Benefits for multisignature, lightning and smart contracts
As Bitcoin users have diversified into using different address types with their wallets, or second-layer solutions such as the lightning network and other types of smart contracts, it has become much easier to single out the activity of particular wallets, and therefore compromise their privacy. Schnorr signatures replace the need to present the script of the smart contract, making all transactions look the same, boosting privacy.
Many enterprises are now using multisignature setups to manage their funds, and many individuals use the lightning network to reduce on-chain fees, so Taproot is a much-needed solution that will allow them to complete on-chain transactions without revealing other participants or the fact that they used a smart contract at all.

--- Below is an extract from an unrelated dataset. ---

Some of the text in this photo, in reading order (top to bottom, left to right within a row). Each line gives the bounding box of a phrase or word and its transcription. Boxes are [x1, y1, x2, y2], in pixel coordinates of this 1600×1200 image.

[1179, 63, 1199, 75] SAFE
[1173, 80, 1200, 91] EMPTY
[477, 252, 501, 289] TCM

With regards to performance, in Jameson Lopp’s test of hardware wallet multisignature signing, Trezor performed respectably even under more extreme configurations. But as the number of signers increase, the time to sign eventually becomes unworkable. Thanks to Schnorr signatures, this will no longer be the case, as the need to stream previous transactions is eliminated. Following Taproot’s activation, even the most complex multisignature scheme can be signed within minutes, if not seconds.

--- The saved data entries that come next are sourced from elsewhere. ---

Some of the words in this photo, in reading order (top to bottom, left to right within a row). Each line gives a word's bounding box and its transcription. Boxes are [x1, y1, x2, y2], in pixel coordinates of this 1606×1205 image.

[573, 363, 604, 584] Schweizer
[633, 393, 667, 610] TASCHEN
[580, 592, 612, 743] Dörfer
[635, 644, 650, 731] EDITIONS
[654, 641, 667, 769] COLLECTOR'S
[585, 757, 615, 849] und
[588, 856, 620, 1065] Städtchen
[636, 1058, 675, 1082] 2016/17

Patching the fee exploit with Taproot
As an added benefit, Taproot fixes a longstanding problem arising from a theoretical attack vector related to fees, detailed in this firmware update blog. The way that fees are currently handled in SegWit and P2SH transactions means that there is actually no explicit metadata field that states the fee size; it is instead inferred from transaction data.
This opens up an exploit in which an attacker could trick a user into spending an abnormally large amount on fees during a seemingly innocuous transaction, without realizing they are doing so. Of course, your Trezor will always show the fee accurately thanks to robust methods of calculation, but with Taproot all the input amounts are explicitly included in the signed data, which isn’t the case now, protecting users who might be using a wallet with a less reliable fee algorithm, since if an attacker tries to lie to the wallet about the input amounts, then the wallet will generate a signature that won’t be accepted by the network.

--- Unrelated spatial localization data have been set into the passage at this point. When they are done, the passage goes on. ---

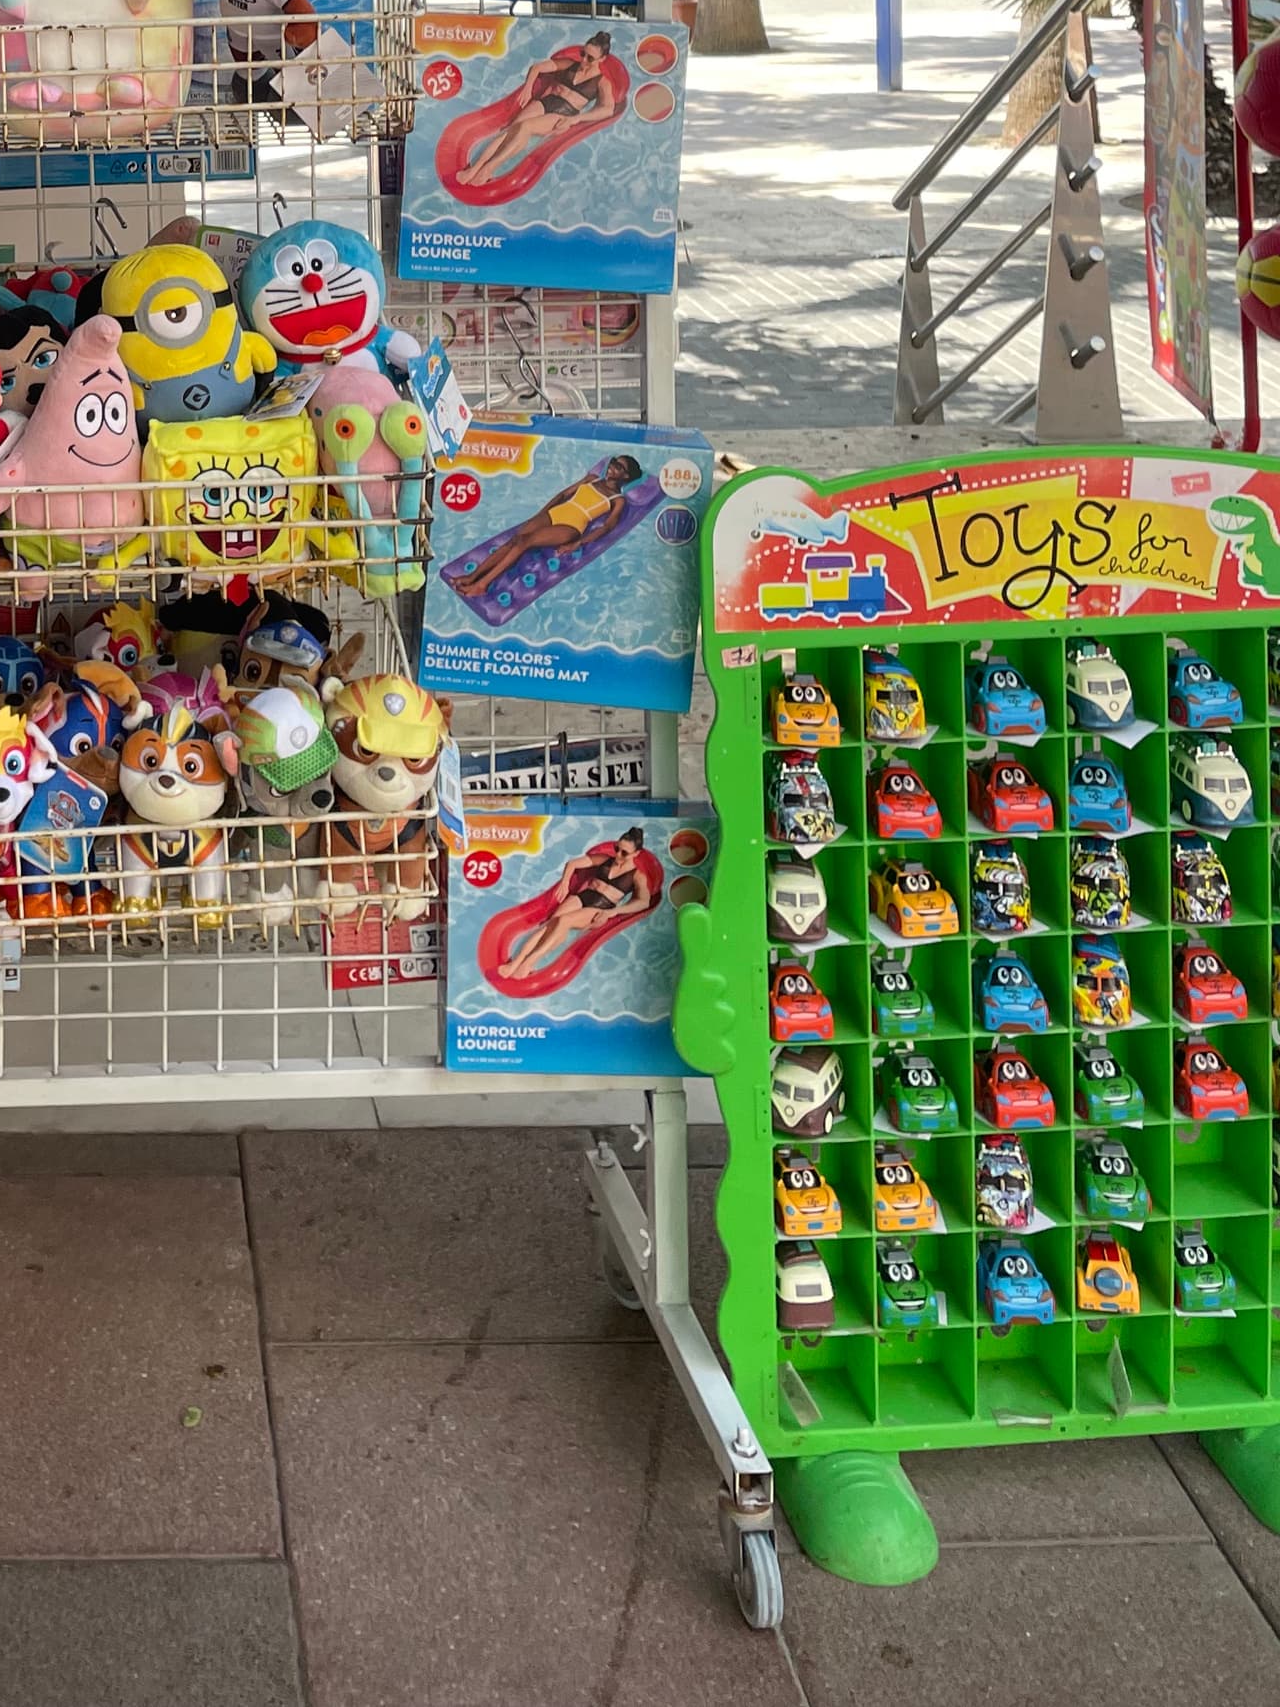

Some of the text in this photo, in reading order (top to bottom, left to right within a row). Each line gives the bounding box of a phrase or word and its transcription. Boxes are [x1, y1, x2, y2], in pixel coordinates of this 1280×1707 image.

[423, 23, 496, 45] Bestway
[427, 63, 457, 97] 25€
[411, 245, 472, 261] LOUNGE
[460, 439, 521, 462] estway
[663, 467, 692, 481] 1.88
[445, 480, 478, 505] 25€
[889, 471, 1193, 611] Toys for
[426, 642, 490, 661] SUMMER
[424, 656, 483, 674] DELUXE
[484, 663, 555, 681] FLOATING
[557, 669, 590, 684] MAT
[587, 759, 644, 789] SET
[466, 858, 499, 881] 25€
[457, 1039, 517, 1052] LOUNGE

Taproot is the right decision for sustainable network growth
The benefits of Taproot are enormous from an engineering standpoint. More efficient and quicker transactions will make the network more accessible and therefore more secure, while closing up a fee exploit and also increasing privacy. The potential drawback, that Taproot transactions will be another way to single out network participants, only come into effect if adoption is slow. Given the incredible support Taproot has seen on social media, this should not be the case.
As long as Taproot is used — and the incentives for doing so are huge — categorizing individual addresses becomes much more difficult. For now, users are waiting for mining pools to lead the way and signal their support ahead of the November activation. Large pools such as Binance, who already charge a premium on exchange withdrawal fees, will need to put their users first in this case. Their reputation may suffer if they do not, but ultimately a user-activated soft fork may undermine their influence and the upgrade could be activated even without their participation.
Taproot is the logical next step for the industry and Trezor supports it wholeheartedly. Hardware wallets will become even more efficient and users will have more options when it comes to their security and privacy. As the use of Bitcoin becomes more widespread, the Taproot upgrade will be key to scaling the network to a global audience who expect a seamless experience, and Trezor will be ready to deliver.